▸ **Exercise description**: The result should be the listing below restated word for word, with images left out.

▸ **Source data**:

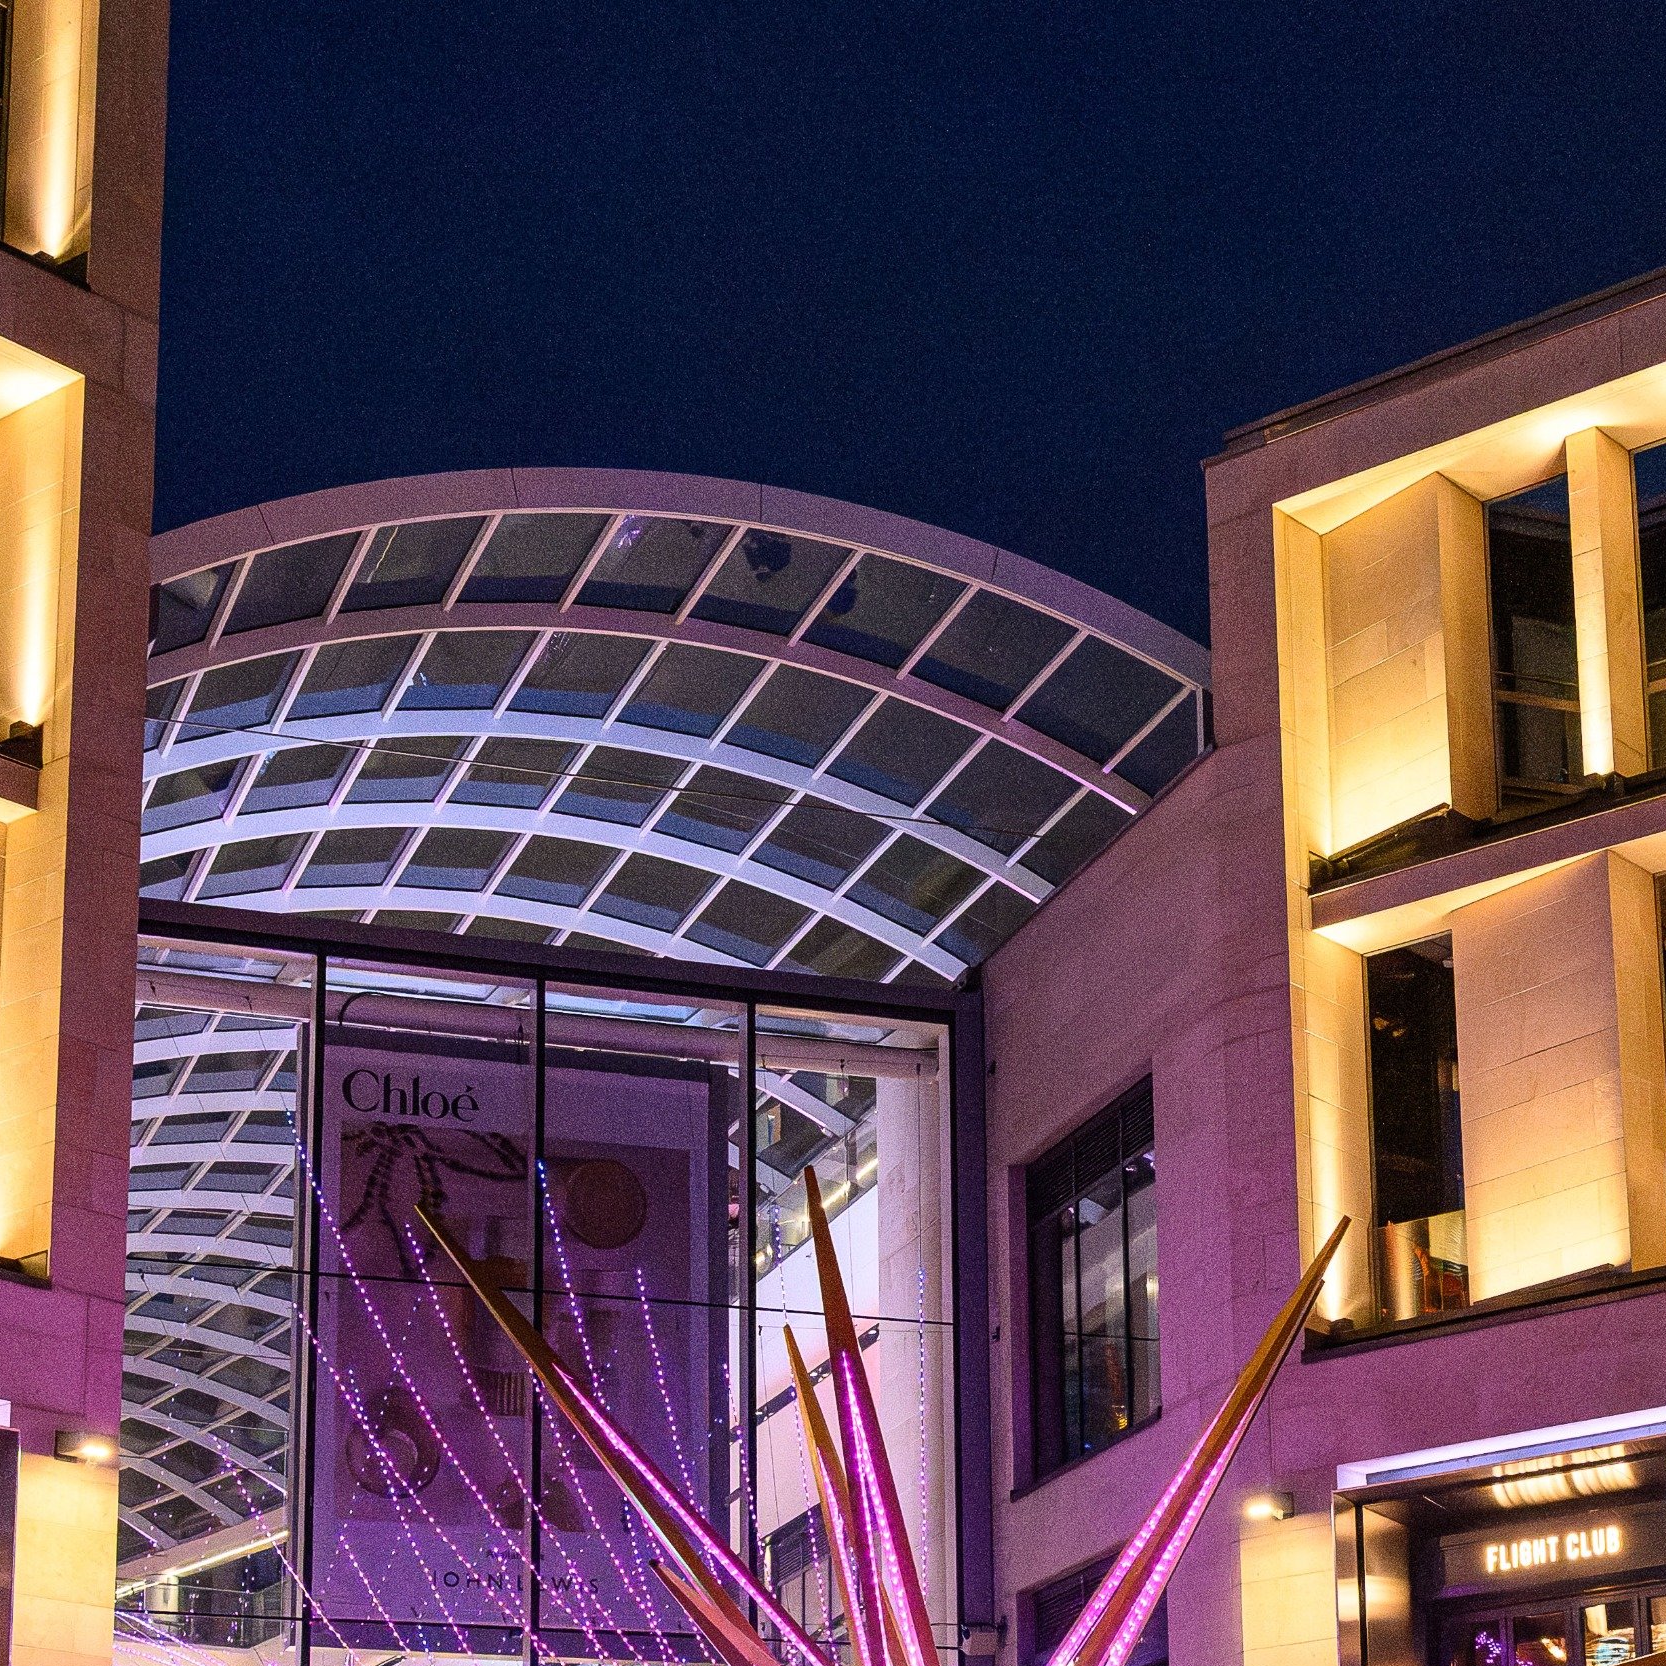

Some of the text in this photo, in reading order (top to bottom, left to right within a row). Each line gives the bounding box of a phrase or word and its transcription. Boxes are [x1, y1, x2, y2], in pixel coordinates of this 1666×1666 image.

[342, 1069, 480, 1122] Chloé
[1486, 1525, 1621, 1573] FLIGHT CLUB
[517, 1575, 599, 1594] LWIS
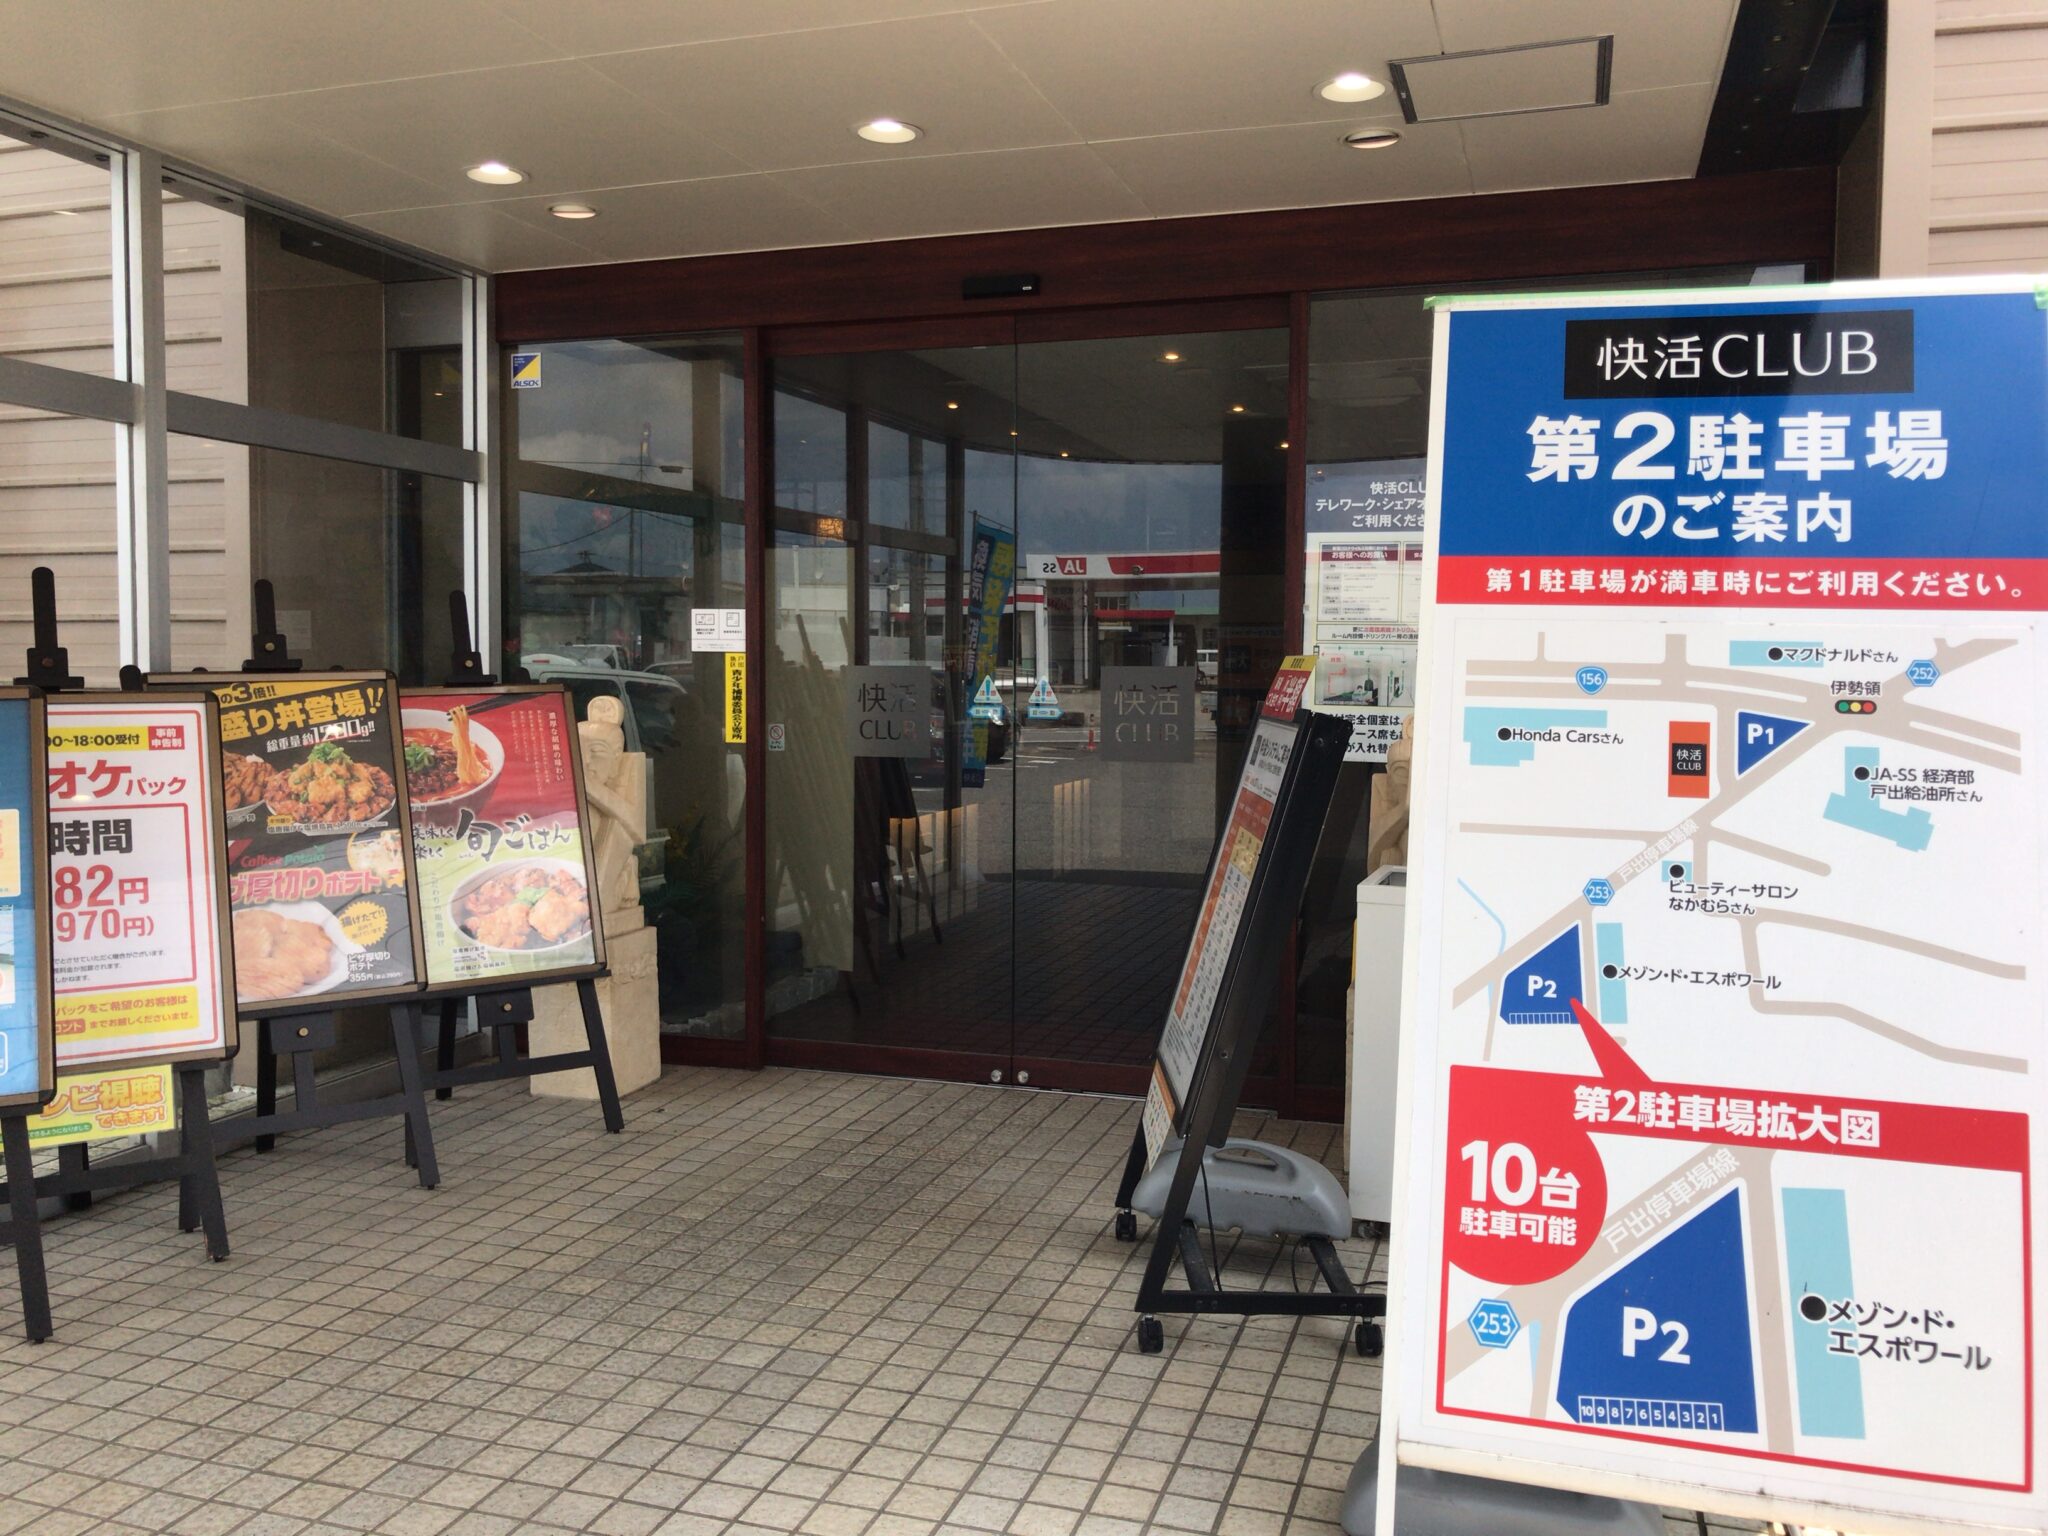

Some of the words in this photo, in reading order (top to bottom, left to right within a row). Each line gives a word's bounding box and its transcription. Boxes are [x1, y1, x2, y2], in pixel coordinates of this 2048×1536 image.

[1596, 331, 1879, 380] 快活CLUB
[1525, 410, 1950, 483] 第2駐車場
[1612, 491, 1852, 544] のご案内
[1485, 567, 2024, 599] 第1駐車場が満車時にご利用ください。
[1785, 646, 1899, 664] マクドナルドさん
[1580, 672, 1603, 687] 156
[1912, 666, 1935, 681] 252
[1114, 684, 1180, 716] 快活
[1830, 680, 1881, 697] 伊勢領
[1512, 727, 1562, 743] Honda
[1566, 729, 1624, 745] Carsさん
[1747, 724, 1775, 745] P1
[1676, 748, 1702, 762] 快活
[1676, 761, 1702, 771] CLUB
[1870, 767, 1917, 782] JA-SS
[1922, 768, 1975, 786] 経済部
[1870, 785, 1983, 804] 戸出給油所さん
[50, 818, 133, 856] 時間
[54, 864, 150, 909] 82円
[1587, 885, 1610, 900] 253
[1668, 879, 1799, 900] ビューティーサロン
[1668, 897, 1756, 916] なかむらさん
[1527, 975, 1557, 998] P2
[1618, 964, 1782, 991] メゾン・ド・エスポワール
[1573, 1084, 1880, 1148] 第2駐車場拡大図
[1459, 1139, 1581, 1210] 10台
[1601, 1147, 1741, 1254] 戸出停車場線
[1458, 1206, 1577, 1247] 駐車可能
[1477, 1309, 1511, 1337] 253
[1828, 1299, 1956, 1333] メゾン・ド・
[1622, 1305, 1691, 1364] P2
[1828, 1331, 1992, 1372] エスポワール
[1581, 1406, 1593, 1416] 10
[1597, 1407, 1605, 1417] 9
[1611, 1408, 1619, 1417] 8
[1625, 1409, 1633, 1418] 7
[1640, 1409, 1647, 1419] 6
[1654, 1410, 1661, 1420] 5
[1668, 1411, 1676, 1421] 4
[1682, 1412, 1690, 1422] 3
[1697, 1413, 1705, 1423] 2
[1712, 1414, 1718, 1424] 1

▸ **Task response**:
Some of the text in this photo, in reading order (top to bottom, left to right within a row). Each line gives the bounding box of a phrase or word and its transcription. Boxes are [x1, y1, x2, y2], in pixel coordinates of this 1666×1666 image.

[342, 1069, 480, 1122] Chloé
[1486, 1525, 1621, 1573] FLIGHT CLUB
[517, 1575, 599, 1594] LWIS

Some of the words in this photo, in reading order (top to bottom, left to right within a row). Each line gives a word's bounding box and its transcription. Boxes are [x1, y1, x2, y2], in pixel coordinates of this 2048×1536 image.

[1596, 331, 1879, 380] 快活CLUB
[1525, 410, 1950, 483] 第2駐車場
[1612, 491, 1852, 544] のご案内
[1485, 567, 2024, 599] 第1駐車場が満車時にご利用ください。
[1785, 646, 1899, 664] マクドナルドさん
[1580, 672, 1603, 687] 156
[1912, 666, 1935, 681] 252
[1114, 684, 1180, 716] 快活
[1830, 680, 1881, 697] 伊勢領
[1512, 727, 1562, 743] Honda
[1566, 729, 1624, 745] Carsさん
[1747, 724, 1775, 745] P1
[1676, 748, 1702, 762] 快活
[1676, 761, 1702, 771] CLUB
[1870, 767, 1917, 782] JA-SS
[1922, 768, 1975, 786] 経済部
[1870, 785, 1983, 804] 戸出給油所さん
[50, 818, 133, 856] 時間
[54, 864, 150, 909] 82円
[1587, 885, 1610, 900] 253
[1668, 879, 1799, 900] ビューティーサロン
[1668, 897, 1756, 916] なかむらさん
[1527, 975, 1557, 998] P2
[1618, 964, 1782, 991] メゾン・ド・エスポワール
[1573, 1084, 1880, 1148] 第2駐車場拡大図
[1459, 1139, 1581, 1210] 10台
[1601, 1147, 1741, 1254] 戸出停車場線
[1458, 1206, 1577, 1247] 駐車可能
[1477, 1309, 1511, 1337] 253
[1828, 1299, 1956, 1333] メゾン・ド・
[1622, 1305, 1691, 1364] P2
[1828, 1331, 1992, 1372] エスポワール
[1581, 1406, 1593, 1416] 10
[1597, 1407, 1605, 1417] 9
[1611, 1408, 1619, 1417] 8
[1625, 1409, 1633, 1418] 7
[1640, 1409, 1647, 1419] 6
[1654, 1410, 1661, 1420] 5
[1668, 1411, 1676, 1421] 4
[1682, 1412, 1690, 1422] 3
[1697, 1413, 1705, 1423] 2
[1712, 1414, 1718, 1424] 1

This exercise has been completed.